Work item - Write out the records word for word, with no pictures.

Data -
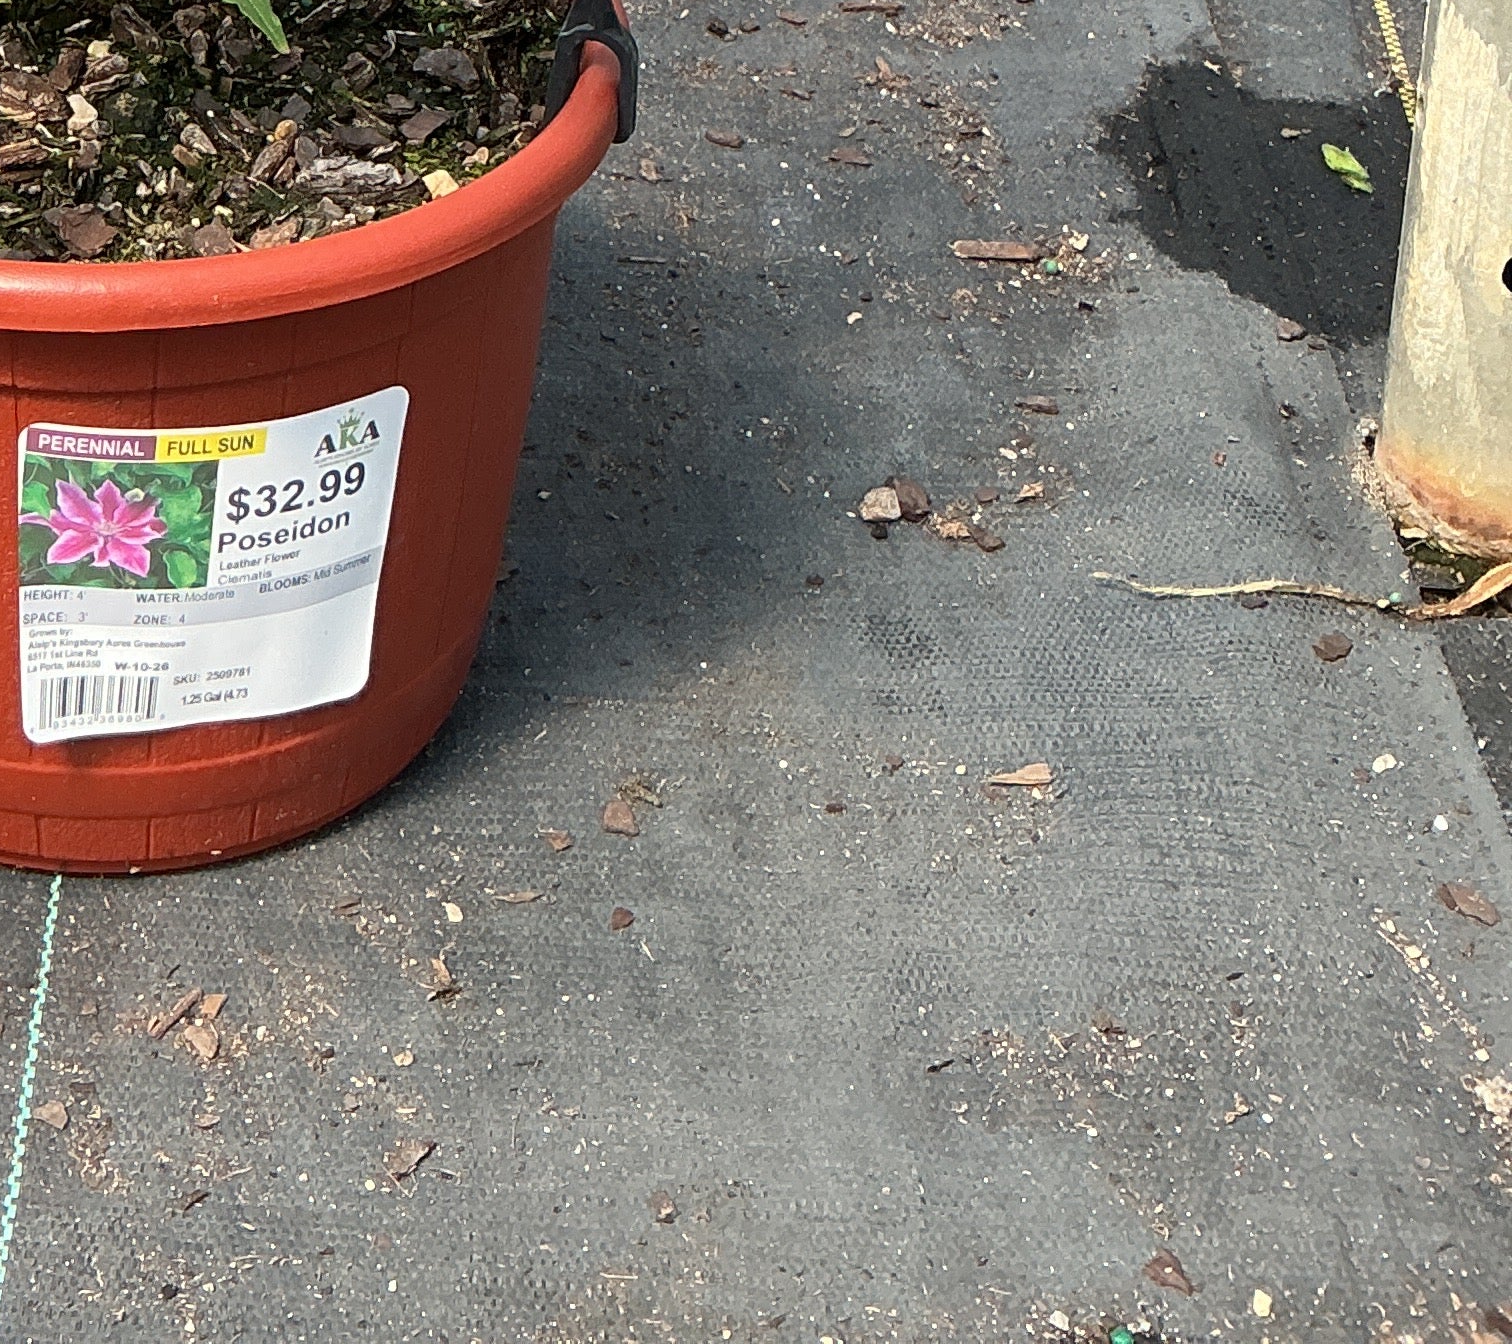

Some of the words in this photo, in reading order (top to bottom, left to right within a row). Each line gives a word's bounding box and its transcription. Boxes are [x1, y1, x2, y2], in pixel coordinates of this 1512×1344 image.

[38, 433, 145, 457] PERENNIAL
[167, 440, 212, 457] FULL
[218, 434, 254, 453] SUN
[314, 420, 380, 458] AKA
[226, 461, 366, 525] $32.99
[218, 512, 350, 554] Poseidon
[219, 555, 263, 571] Leather
[264, 549, 301, 564] Flower
[218, 569, 273, 586] Clematis
[259, 574, 312, 594] BLOOMS:
[314, 568, 332, 581] Mid
[333, 554, 372, 575] Summer
[184, 589, 235, 603] Moderate
[178, 614, 185, 624] 4
[115, 661, 170, 672] W-10-26
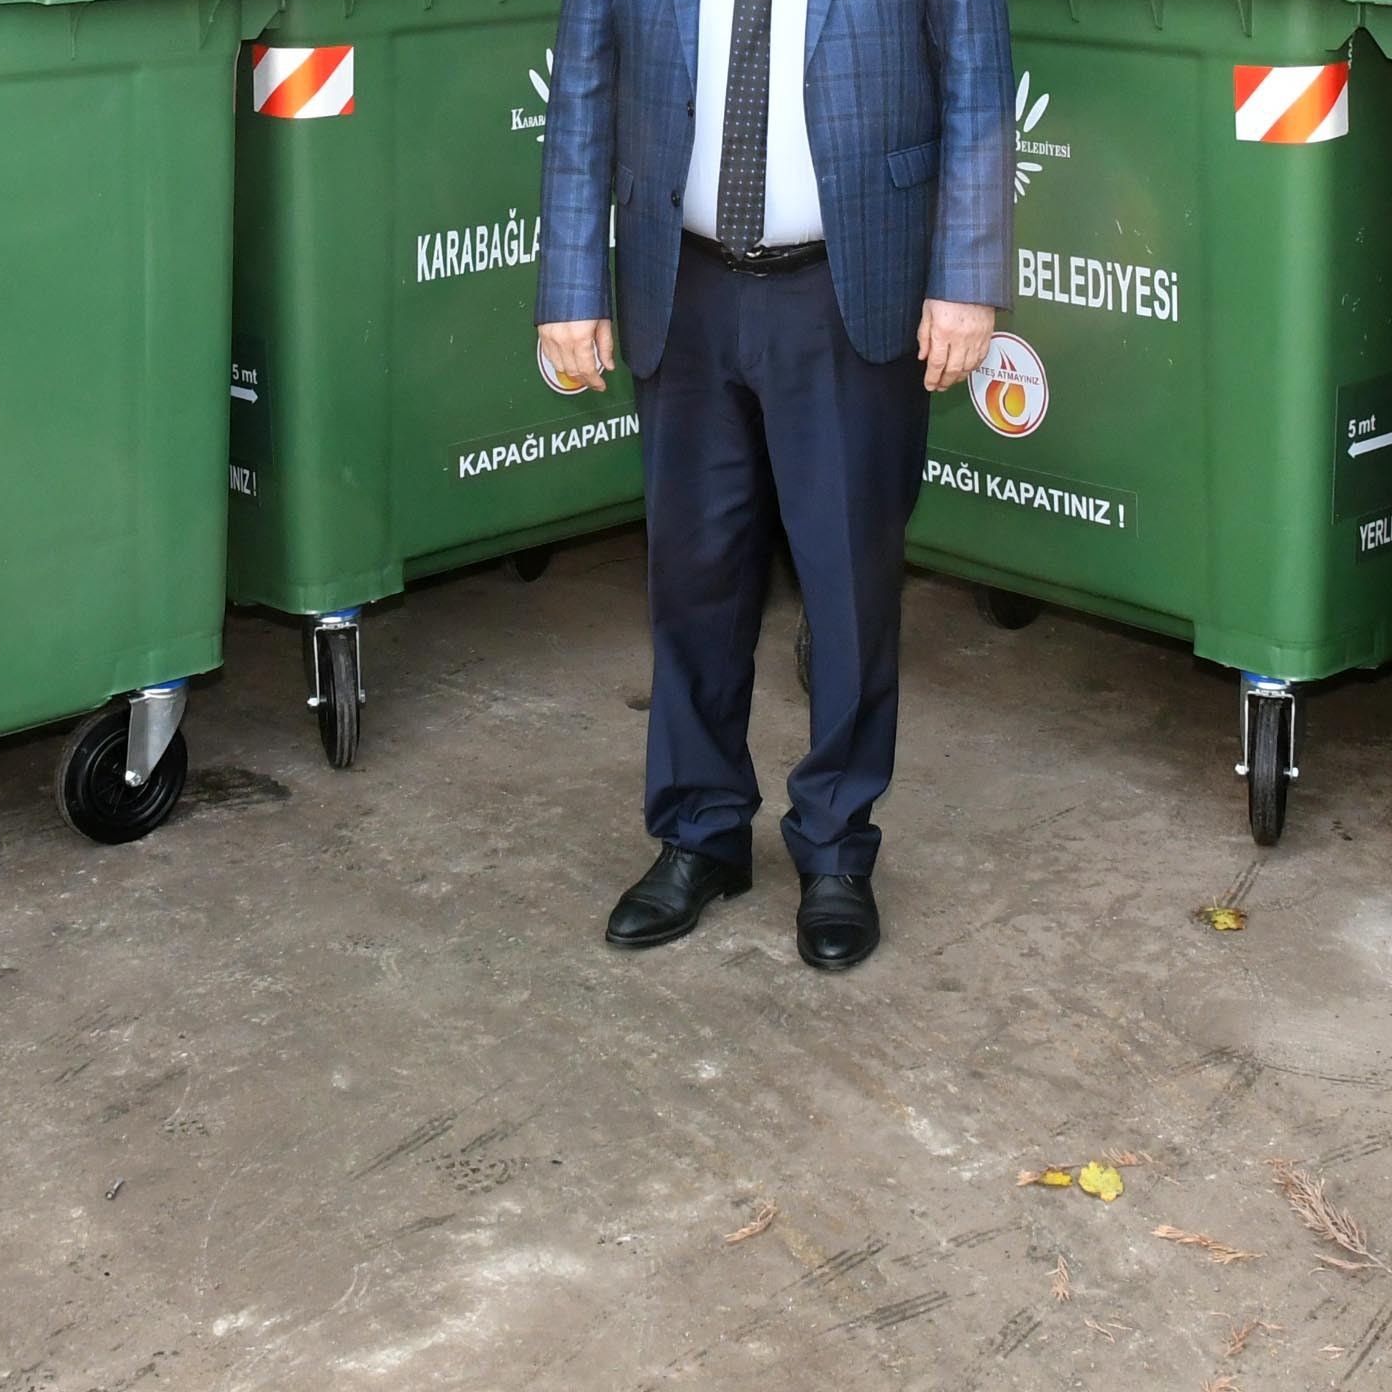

Response area -
Some of the words in this photo, in reading order (top to bottom, left to right within a row). Each line gives a word's bounding box and its transcription. Boxes are [x1, y1, x2, y2], in pixel coordinates of this 1512×1344 image.

[38, 433, 145, 457] PERENNIAL
[167, 440, 212, 457] FULL
[218, 434, 254, 453] SUN
[314, 420, 380, 458] AKA
[226, 461, 366, 525] $32.99
[218, 512, 350, 554] Poseidon
[219, 555, 263, 571] Leather
[264, 549, 301, 564] Flower
[218, 569, 273, 586] Clematis
[259, 574, 312, 594] BLOOMS:
[314, 568, 332, 581] Mid
[333, 554, 372, 575] Summer
[184, 589, 235, 603] Moderate
[178, 614, 185, 624] 4
[115, 661, 170, 672] W-10-26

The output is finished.